- Exercise aim -
In your copy, include every line of the records exactly and no picture at all.

- Exercise input -
──────
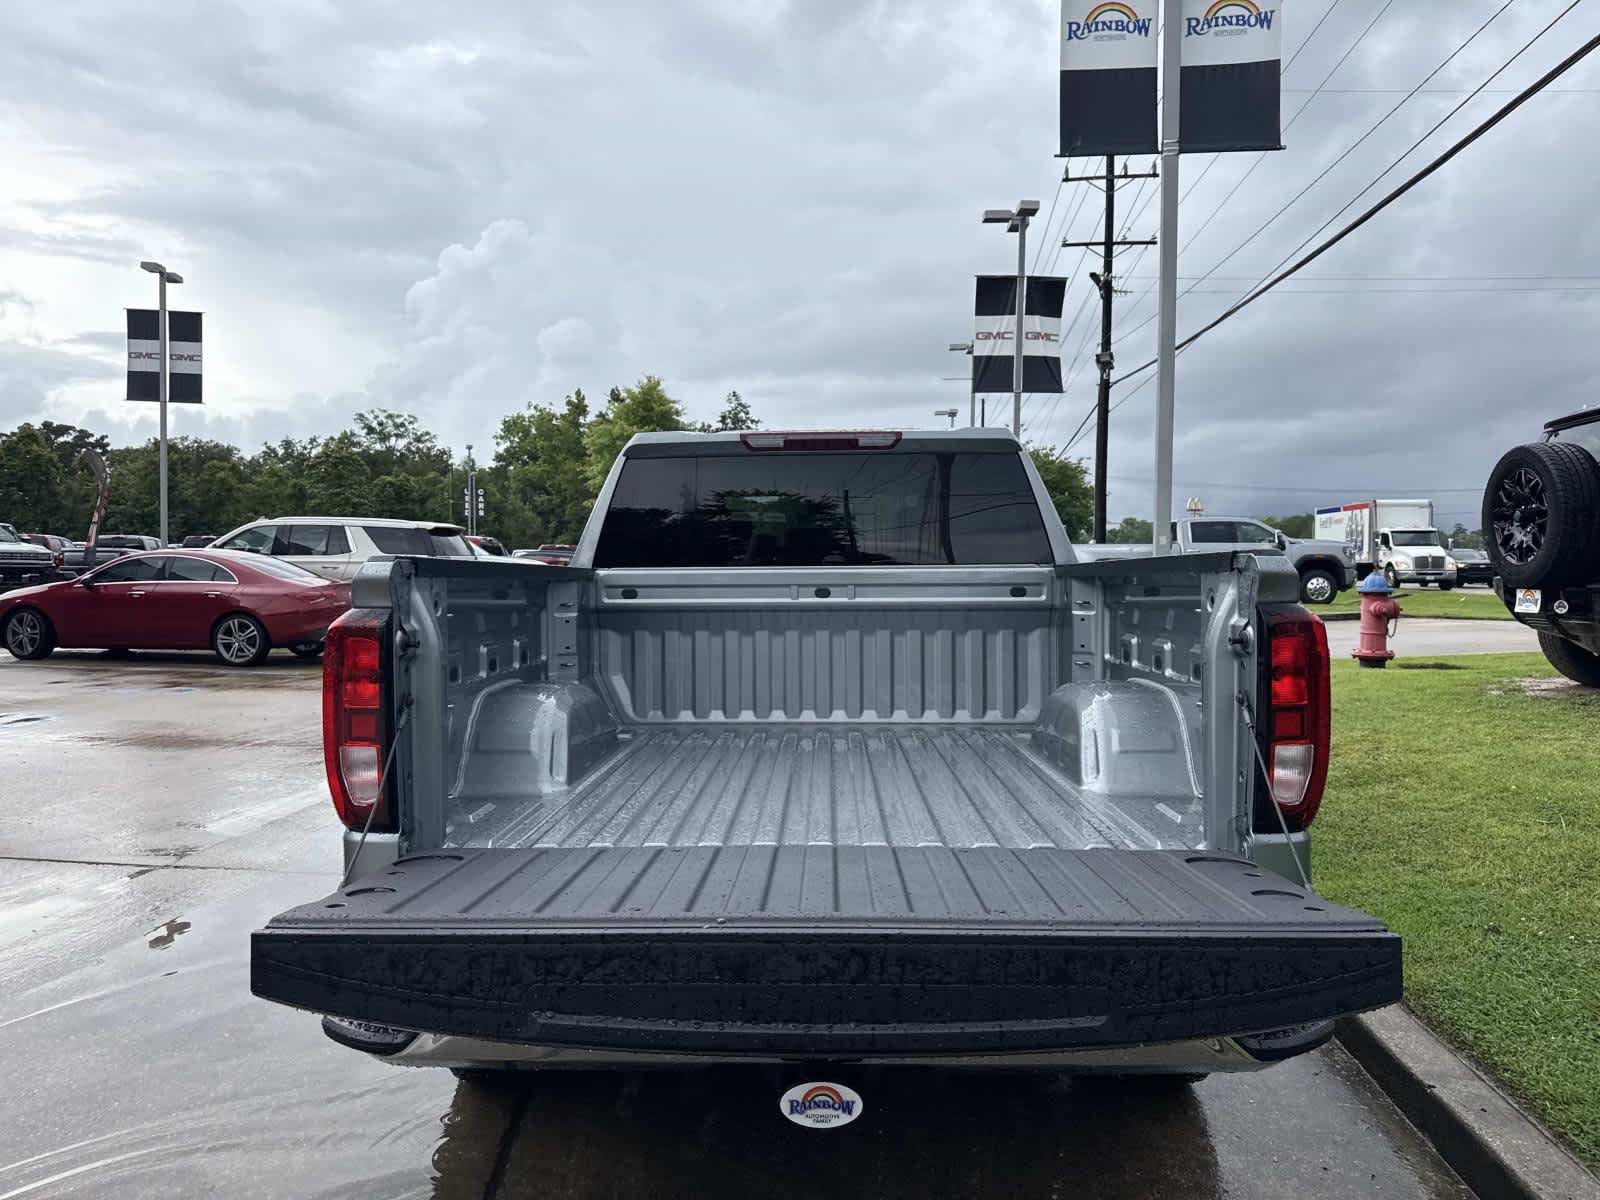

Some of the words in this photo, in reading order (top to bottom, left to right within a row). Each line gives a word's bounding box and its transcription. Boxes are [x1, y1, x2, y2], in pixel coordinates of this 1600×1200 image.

[1067, 17, 1152, 40] RAINBOW
[1185, 10, 1275, 37] RAINBOW
[976, 331, 1014, 340] GMC
[1025, 331, 1060, 342] GMC
[128, 352, 160, 360] GMC
[788, 1100, 856, 1116] RAINBOW
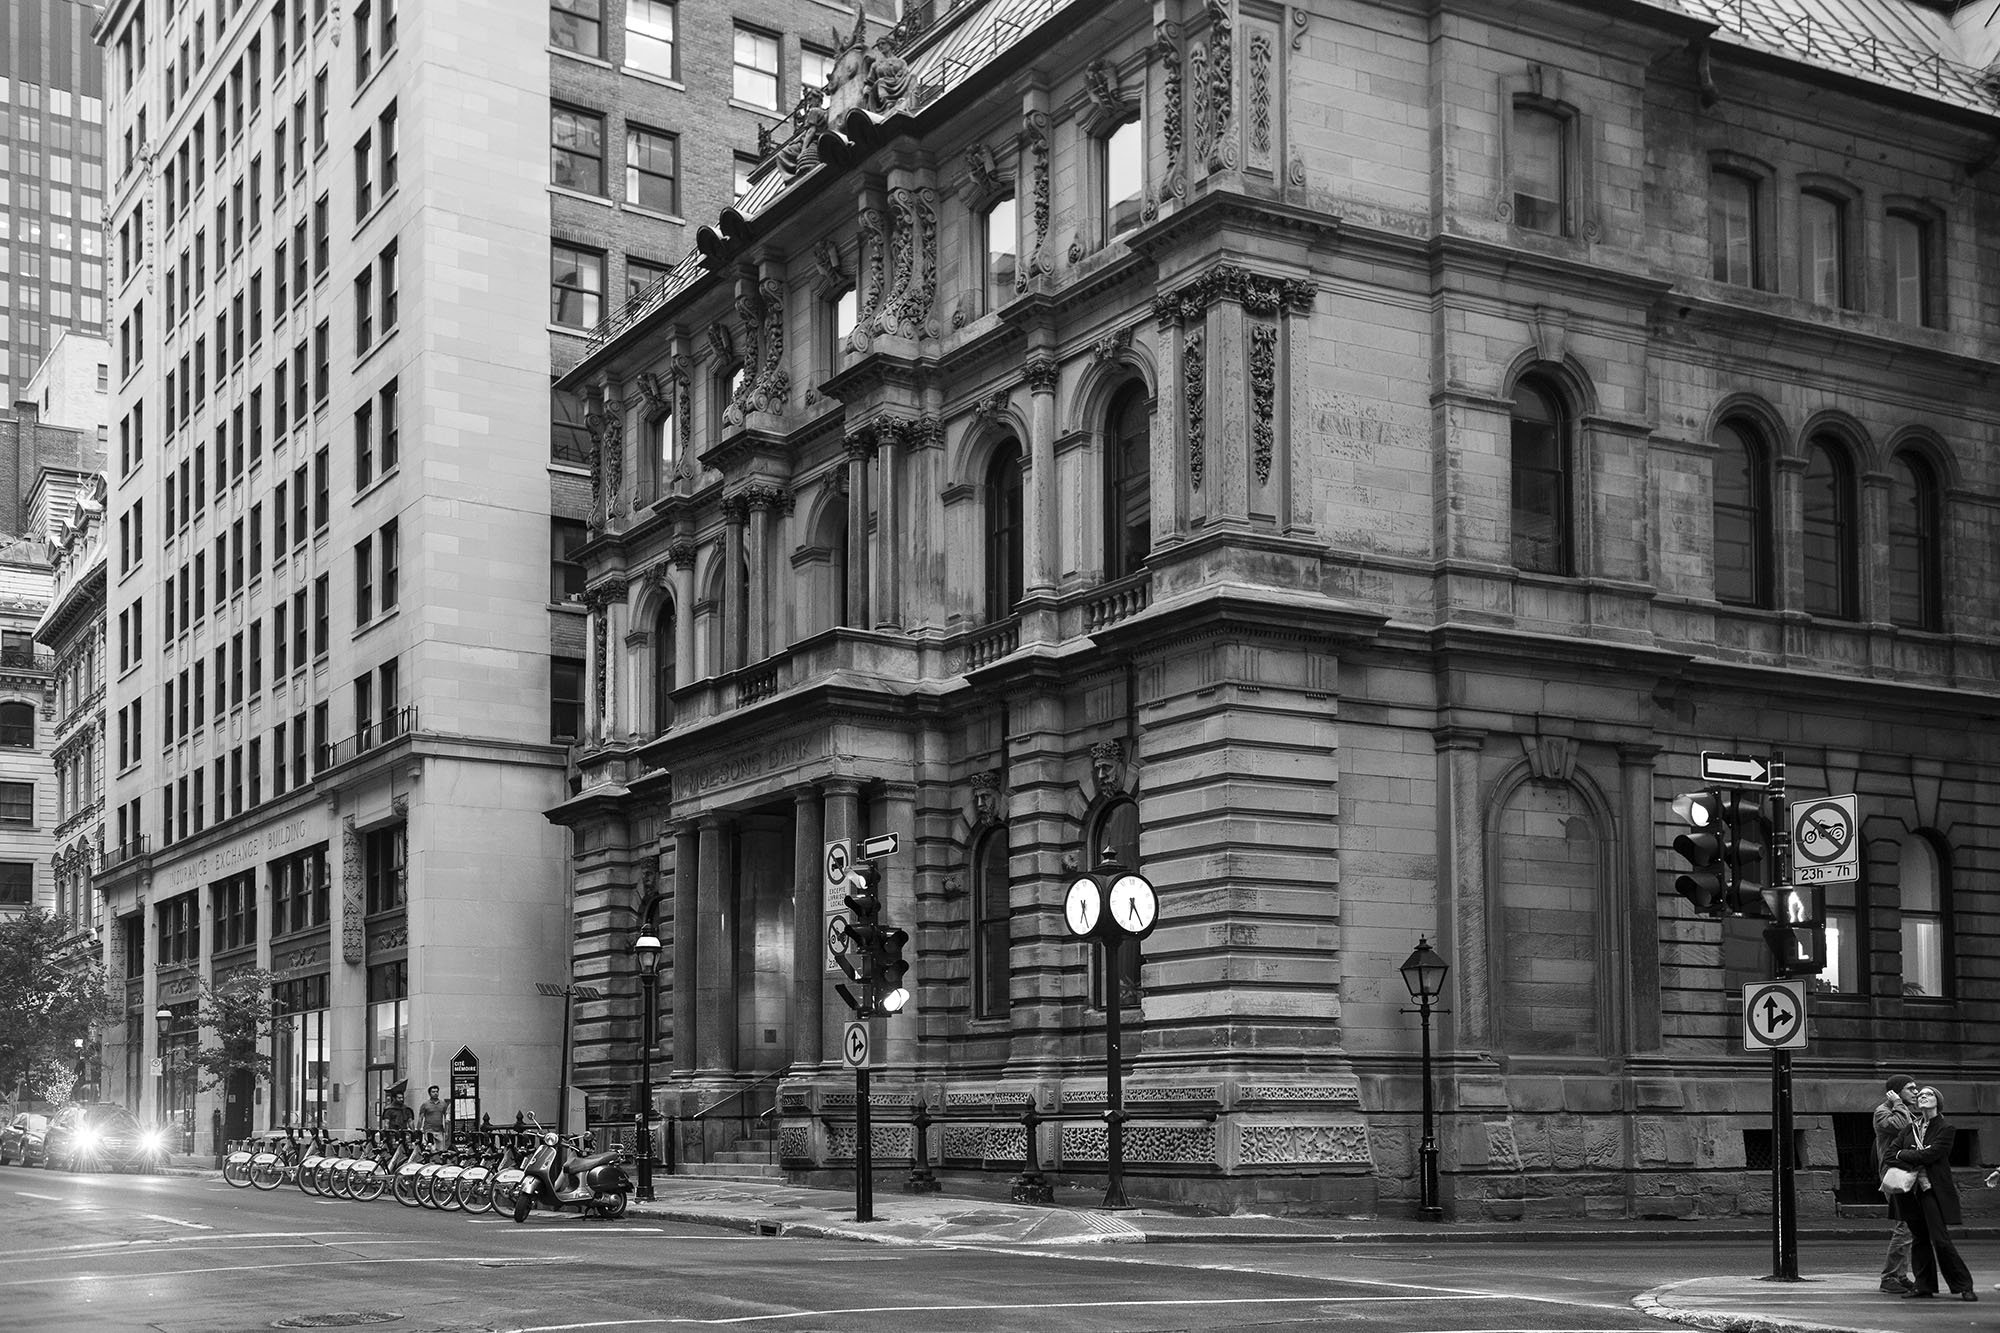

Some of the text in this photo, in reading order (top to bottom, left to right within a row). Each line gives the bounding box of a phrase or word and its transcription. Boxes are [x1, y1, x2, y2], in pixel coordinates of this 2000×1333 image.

[169, 819, 306, 888] INSURANCE EXCHANGE BUILDING
[1801, 868, 1824, 880] 23h
[1835, 865, 1850, 876] 7h
──────
- Answer below -
Some of the words in this photo, in reading order (top to bottom, left to right within a row). Each line gives a word's bounding box and its transcription. Boxes are [x1, y1, x2, y2], in pixel coordinates of this 1600×1200 image.

[1067, 17, 1152, 40] RAINBOW
[1185, 10, 1275, 37] RAINBOW
[976, 331, 1014, 340] GMC
[1025, 331, 1060, 342] GMC
[128, 352, 160, 360] GMC
[788, 1100, 856, 1116] RAINBOW

Some of the text in this photo, in reading order (top to bottom, left to right within a row). Each line gives the bounding box of a phrase or word and its transcription. Boxes are [x1, y1, x2, y2], in pixel coordinates of this 2000×1333 image.

[169, 819, 306, 888] INSURANCE EXCHANGE BUILDING
[1801, 868, 1824, 880] 23h
[1835, 865, 1850, 876] 7h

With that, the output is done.